Imaging in multiple system atrophy

The diagnosis of multiple system atrophy and its differentiation from Parkinson's disease can be challenging, particularly in early disease. Both structural and functional imaging studies can be helpful for making the diagnosis, and could potentially be used to monitor disease progression. Magnetic resonance imaging can show distinctive patterns of atrophy and signal changes in multiple system atrophy, such as the “hot cross bun” and hyperintense putaminal rim signs, which are relatively specific, but have low sensitivity. Diffusivity might be particularly helpful in differentiating multiple system atrophy from Parkinson's disease, and appears to change over time, although the correlation with changes in motor dysfunction is uncertain. Diffusion weighted imaging changes in the middle cerebellar peduncle can also reliably separate multiple system atrophy from progressive supranuclear palsy. Volumetry detects characteristic patterns of atrophy. Alterations in spectroscopic patterns and abnormal iron deposition have also been reported. Positron emission tomography or single‐photon emission computed tomography measures of striatal dopamine innervation are abnormal in multiple system atrophy and Parkinson's disease; the addition of dopamine D2 receptor imaging (preserved in Parkinson's disease) can be helpful in differentiating the two.
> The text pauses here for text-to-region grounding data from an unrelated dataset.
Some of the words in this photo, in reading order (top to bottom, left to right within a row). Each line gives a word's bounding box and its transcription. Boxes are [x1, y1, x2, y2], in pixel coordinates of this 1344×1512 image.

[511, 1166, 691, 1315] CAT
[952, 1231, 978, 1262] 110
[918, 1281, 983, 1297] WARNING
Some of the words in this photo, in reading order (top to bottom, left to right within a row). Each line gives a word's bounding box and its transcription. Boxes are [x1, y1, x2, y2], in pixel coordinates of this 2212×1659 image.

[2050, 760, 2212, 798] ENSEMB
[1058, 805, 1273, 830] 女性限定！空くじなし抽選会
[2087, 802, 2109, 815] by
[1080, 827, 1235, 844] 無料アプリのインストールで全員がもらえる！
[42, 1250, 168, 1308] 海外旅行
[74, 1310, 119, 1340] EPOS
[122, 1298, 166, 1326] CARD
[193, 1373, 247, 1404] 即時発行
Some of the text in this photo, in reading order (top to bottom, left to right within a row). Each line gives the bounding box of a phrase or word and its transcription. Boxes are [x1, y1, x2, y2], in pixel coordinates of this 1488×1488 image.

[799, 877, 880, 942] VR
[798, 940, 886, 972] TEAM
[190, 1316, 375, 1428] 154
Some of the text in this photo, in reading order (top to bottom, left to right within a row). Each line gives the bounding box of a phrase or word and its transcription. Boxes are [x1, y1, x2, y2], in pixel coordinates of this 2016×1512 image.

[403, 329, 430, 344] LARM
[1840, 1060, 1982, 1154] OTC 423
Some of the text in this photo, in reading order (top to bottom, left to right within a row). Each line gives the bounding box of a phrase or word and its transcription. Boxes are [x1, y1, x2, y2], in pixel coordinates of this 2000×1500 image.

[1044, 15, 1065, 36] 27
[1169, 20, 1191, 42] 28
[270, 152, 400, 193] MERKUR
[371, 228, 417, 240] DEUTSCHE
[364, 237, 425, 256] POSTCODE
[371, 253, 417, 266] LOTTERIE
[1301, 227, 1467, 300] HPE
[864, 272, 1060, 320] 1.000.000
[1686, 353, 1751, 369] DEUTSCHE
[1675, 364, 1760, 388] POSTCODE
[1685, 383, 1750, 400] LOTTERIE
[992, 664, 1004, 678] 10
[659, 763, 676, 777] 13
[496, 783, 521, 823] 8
However, fluorodeoxyglucose positron emission tomography shows different characteristic metabolic networks in the two conditions that change with disease progression, and is probably more useful. Functional imaging can also be used to detect changes in cholinergic innervation in multiple system atrophy, and to study neuroinflammation. Imaging of cardiac sympathetic innervation can also differentiate between Parkinson's disease and multiple system atrophy, and might be underutilized for this purpose.